[RECORDS SHOWN Boundary: Start]

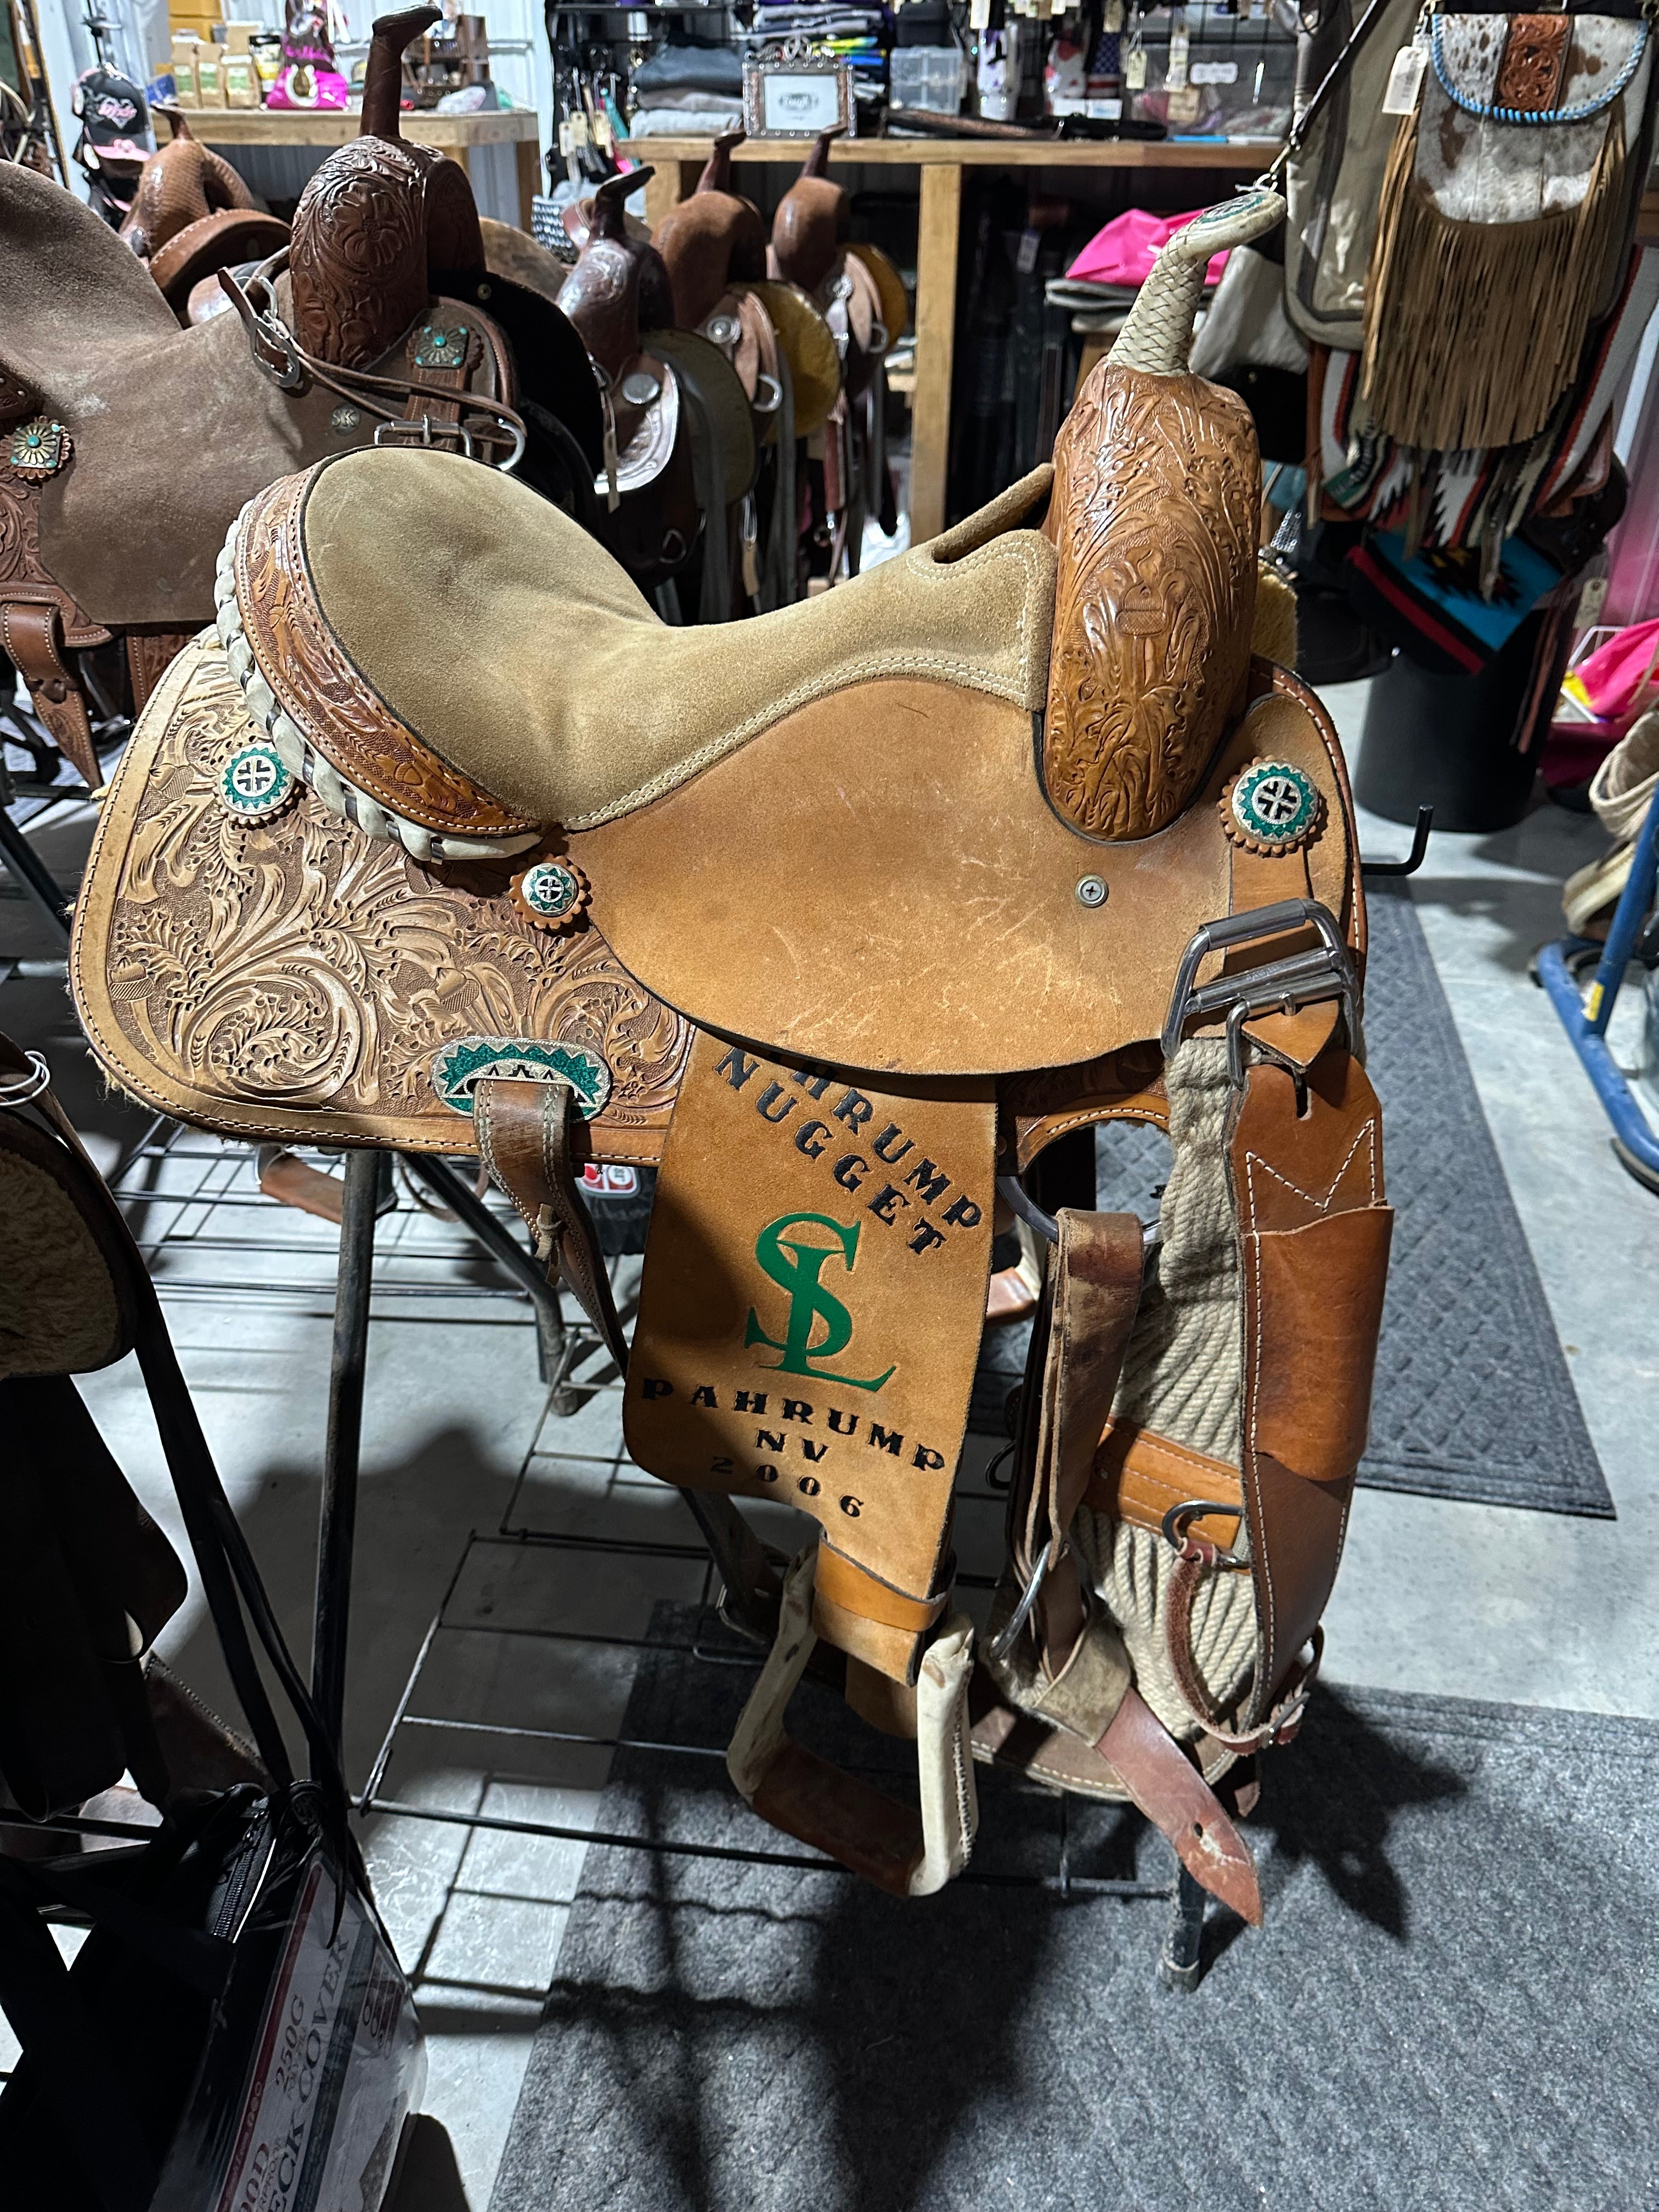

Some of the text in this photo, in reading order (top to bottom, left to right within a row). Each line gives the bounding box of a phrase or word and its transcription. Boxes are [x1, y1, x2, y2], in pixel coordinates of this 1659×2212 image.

[713, 1047, 947, 1255] NUGGET
[770, 1051, 983, 1231] HRUMP
[641, 1377, 947, 1472] PAHRUMP
[755, 1428, 831, 1464] NV
[709, 1455, 866, 1519] 2006
[275, 1994, 304, 2094] 250G
[299, 1934, 349, 2103] COVER
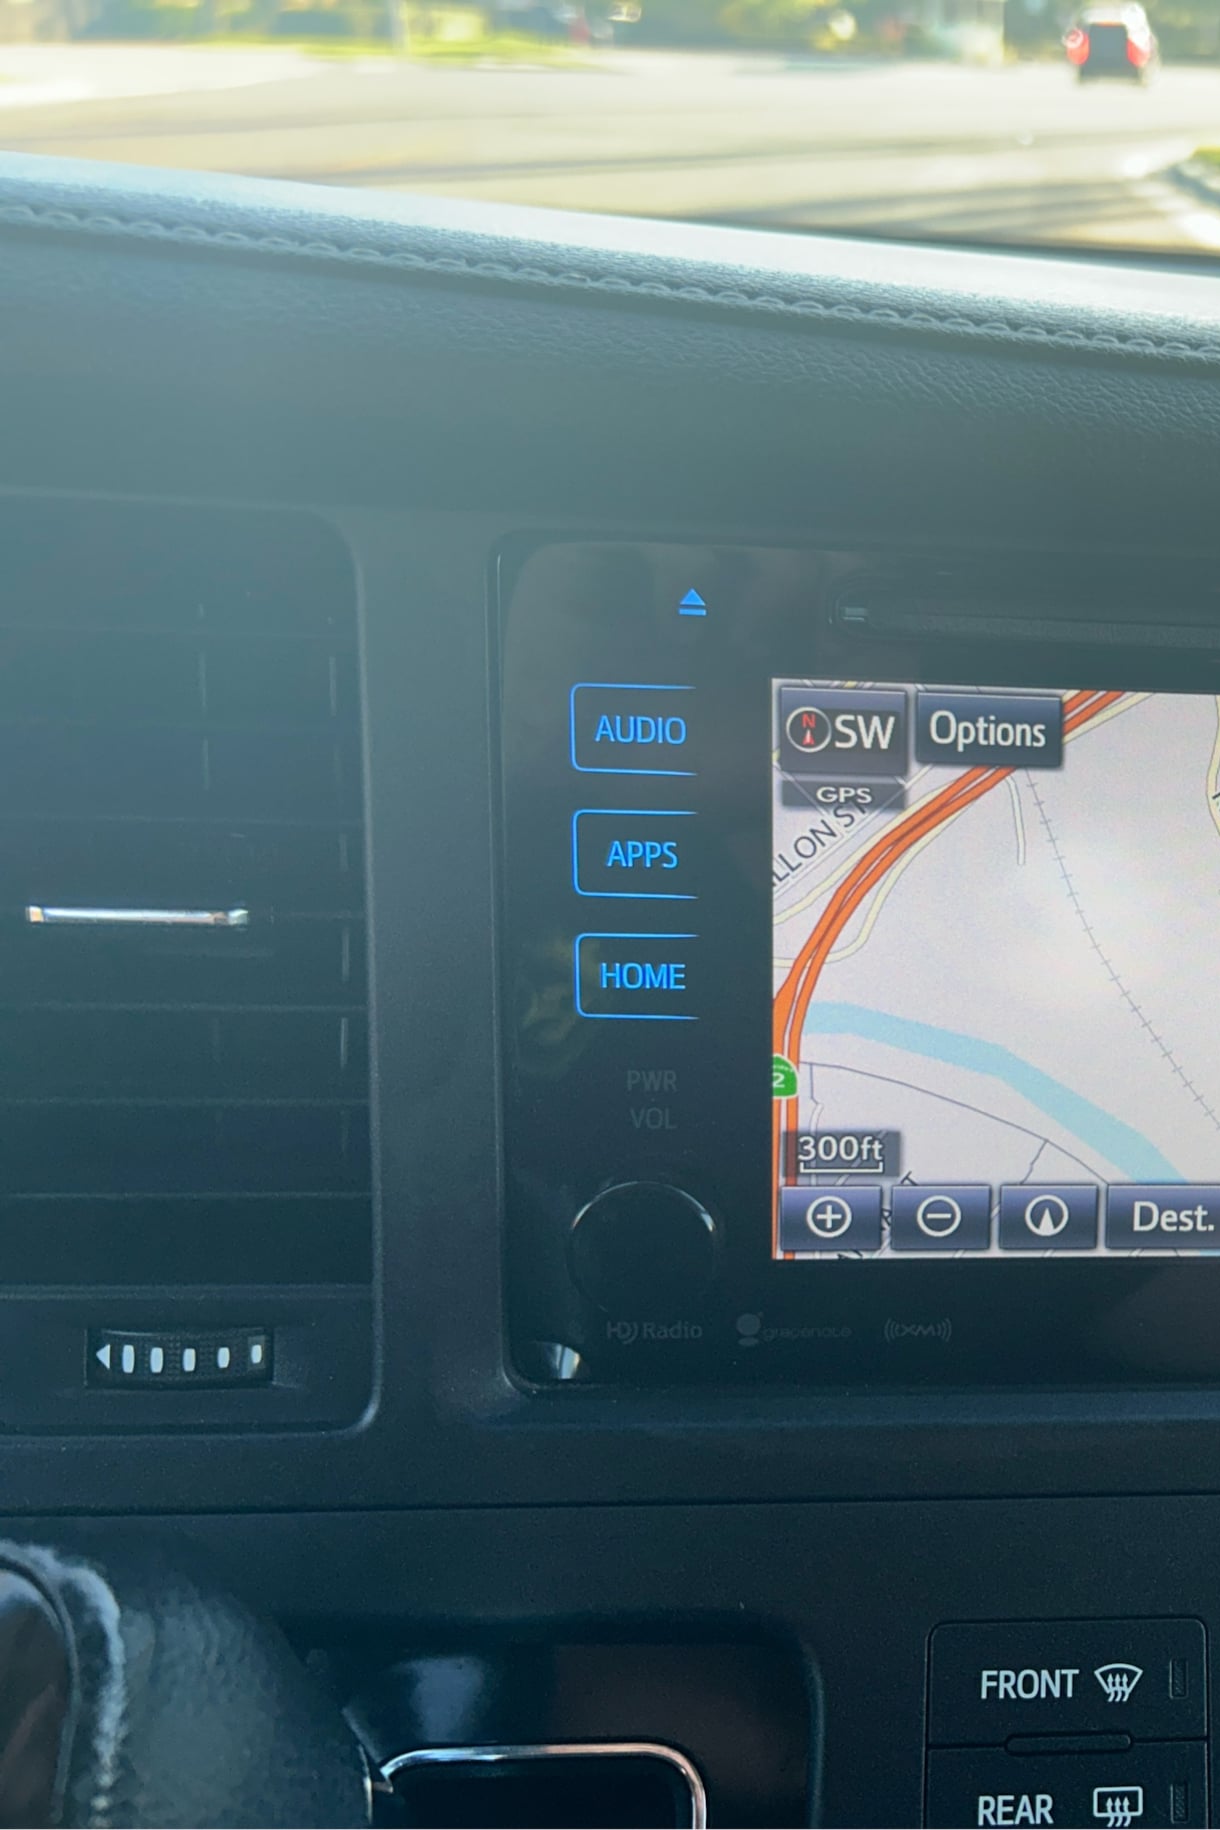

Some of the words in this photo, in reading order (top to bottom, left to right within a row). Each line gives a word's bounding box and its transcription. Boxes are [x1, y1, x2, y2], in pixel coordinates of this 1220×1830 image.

[595, 716, 687, 745] AUDIO
[834, 714, 896, 750] SW
[929, 710, 1047, 752] Options
[816, 786, 873, 804] GPS
[607, 841, 678, 869] APPS
[772, 819, 838, 886] LLON
[601, 962, 686, 990] HOME
[626, 1069, 678, 1092] PWR
[628, 1107, 677, 1130] VOL
[798, 1135, 883, 1163] 300ft
[1133, 1201, 1215, 1232] Dest.
[643, 1321, 704, 1340] Radio
[980, 1669, 1079, 1699] FRONT
[978, 1795, 1054, 1826] REAR
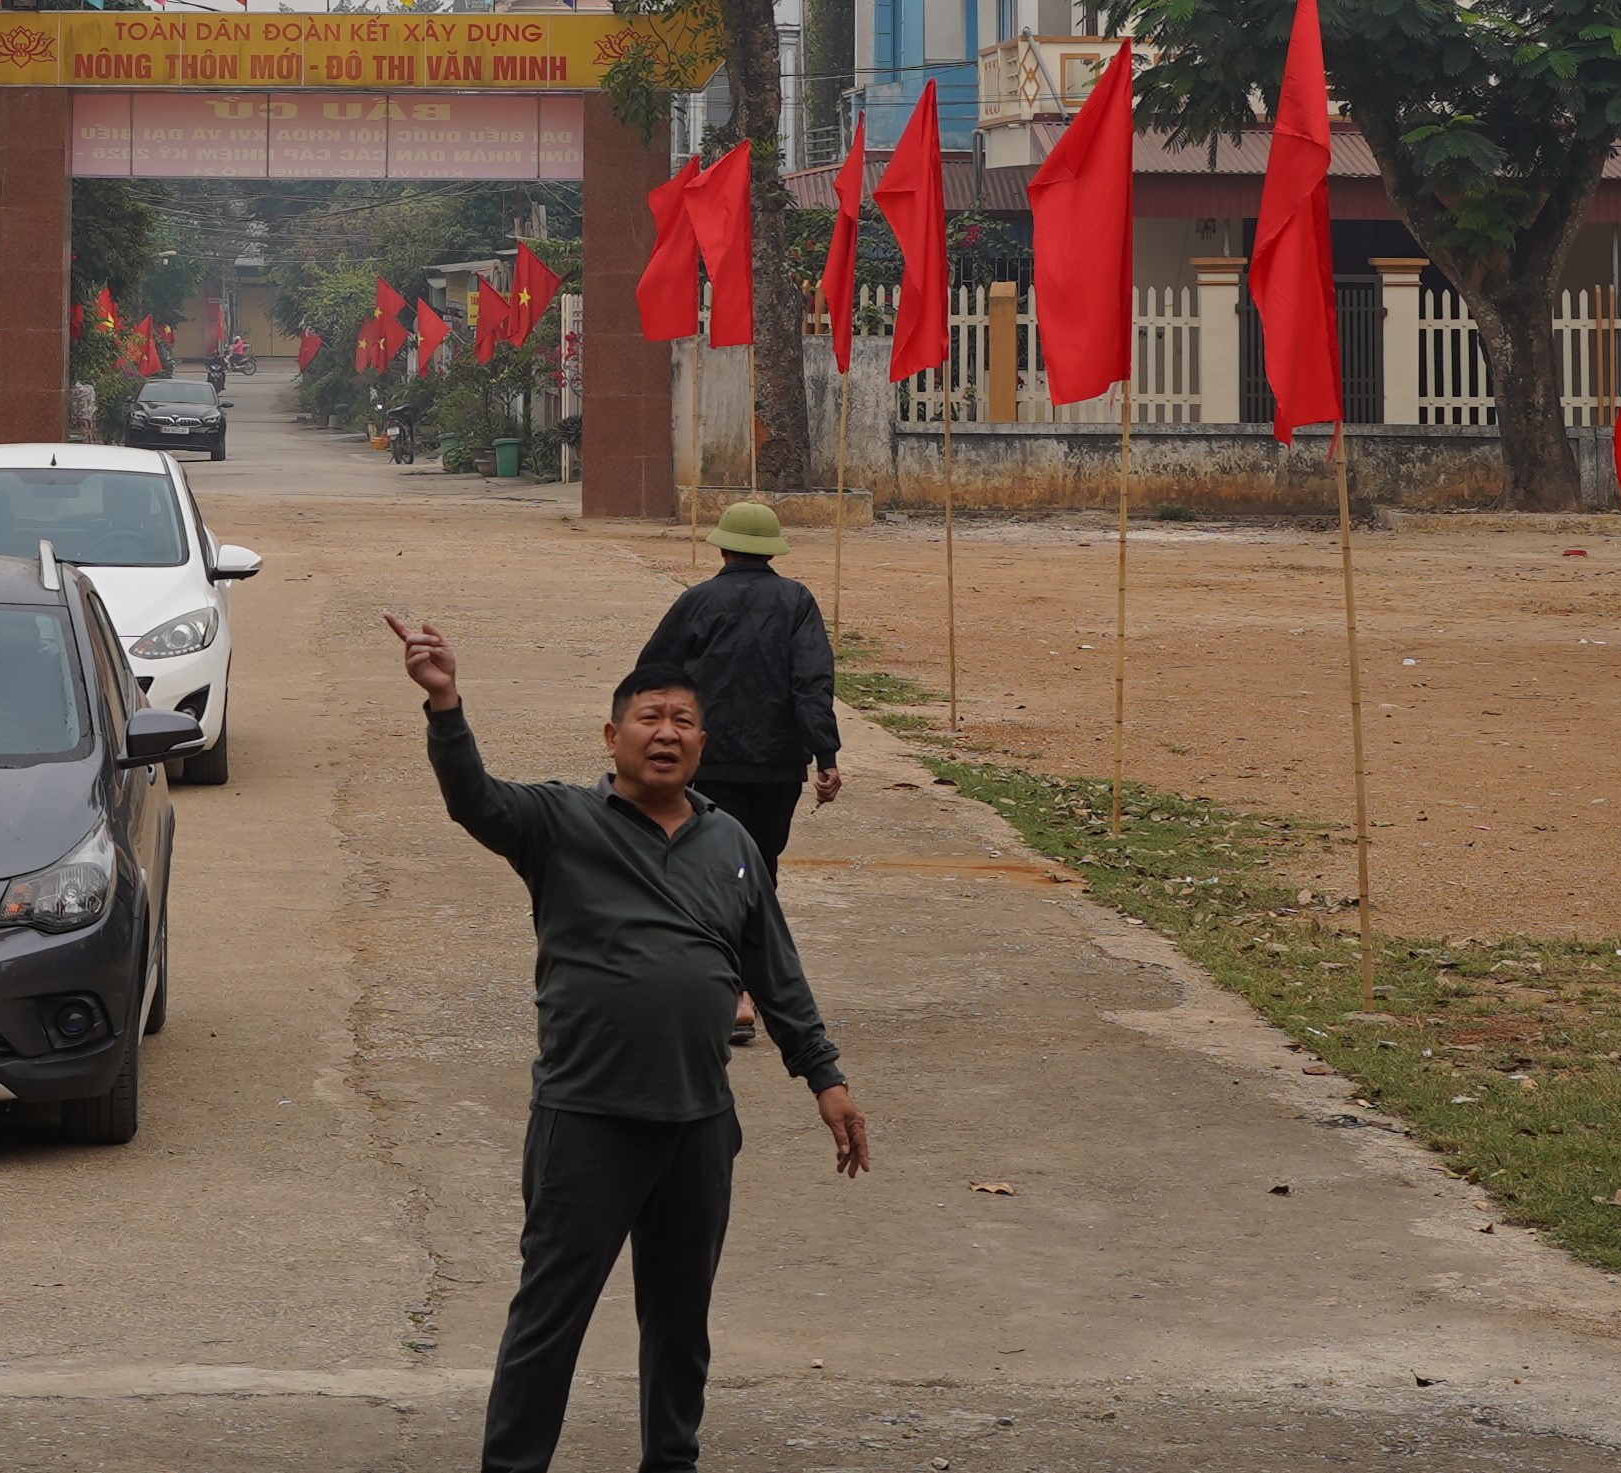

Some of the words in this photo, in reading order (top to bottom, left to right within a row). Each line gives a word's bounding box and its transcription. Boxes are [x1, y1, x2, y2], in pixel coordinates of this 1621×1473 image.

[115, 16, 186, 41] TOÀN
[196, 18, 251, 41] DÂN
[262, 16, 341, 42] ĐOÀN
[350, 15, 390, 42] KẾT
[403, 19, 456, 42] XÂY
[467, 22, 543, 47] DỰNG
[74, 47, 152, 79] NÔNG
[165, 49, 237, 80] THÔN
[250, 47, 303, 80] MỚI
[325, 50, 362, 80] ĐÔ
[372, 56, 415, 85] THỊ
[426, 50, 483, 81] VĂN
[493, 56, 568, 81] MINH

[RECORDS SHOWN Boundary: End]

**EXERCISE OBJECTIVE:** Only the lines from the one containing "this 1621×1473 image." through the end of the listing should be copied, and they should be copied exactly.

**ANSWER:**
Some of the words in this photo, in reading order (top to bottom, left to right within a row). Each line gives a word's bounding box and its transcription. Boxes are [x1, y1, x2, y2], in pixel coordinates of this 1621×1473 image.

[115, 16, 186, 41] TOÀN
[196, 18, 251, 41] DÂN
[262, 16, 341, 42] ĐOÀN
[350, 15, 390, 42] KẾT
[403, 19, 456, 42] XÂY
[467, 22, 543, 47] DỰNG
[74, 47, 152, 79] NÔNG
[165, 49, 237, 80] THÔN
[250, 47, 303, 80] MỚI
[325, 50, 362, 80] ĐÔ
[372, 56, 415, 85] THỊ
[426, 50, 483, 81] VĂN
[493, 56, 568, 81] MINH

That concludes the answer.